COVID-19 is a highly infectious respiratory disease caused by the SARS-CoV-2 virus that has affected every corner of the world and nearly all aspects of daily life.  In a subset of COVID-19 patients, an exaggerated immune response can lead to acute respiratory distress syndrome (ARDS) requiring mechanical ventilation and leading to death. For society to return to “normal”, it is estimated that ~70% of herd immunity is required [1], which could result in thousands of casualties. Furthermore, this herd immunity target may not be achievable because it is still unknown if those with mild or asymptomatic cases of COVID-19 may not have built up sufficient immunity to prevent reinfection. Therefore, we must consider vaccination as the only viable option to eliminate this virus and thus the race is on to develop an effective vaccine against SARS-CoV-2.

Under the Microscope:

SARS-CoV-2 is a single stranded RNA virus, it is encapsulated by proteins and lipids.
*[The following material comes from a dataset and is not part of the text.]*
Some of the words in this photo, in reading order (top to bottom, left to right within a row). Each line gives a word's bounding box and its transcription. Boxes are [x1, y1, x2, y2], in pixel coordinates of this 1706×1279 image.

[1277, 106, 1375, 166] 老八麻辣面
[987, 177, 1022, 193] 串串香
The virus has four main structural proteins; a spike glycoprotein (S), a small envelope glycoprotein (E), a membrane glycoprotein (M) and a nucleocapsid protein (N) in addition to other accessory proteins. A homotrimer of S-proteins facilitates binding to angiotensin-converting enzyme 2 (ACE2) receptor on host cells and cell entry [2]. The S-protein is therefore a key site for antibody neutralization, but vaccines developed against other viral protein are also under investigation.

Vaccines 101:

Vaccines boost immunity against infectious diseases through controlled exposure of an antigen, which can be an attenuated virus or fragments of viral proteins.  The immune system responds by generating antibodies that protect against future infection. Subsequent exposure to the virus or another infected individual then triggers antibody recognition and the virus is cleared via the immune system activation.  Adjuvants are applied to vaccine formulation to upregulate the antigenic response, and depending on the duration of protection, an additional booster shot may be needed.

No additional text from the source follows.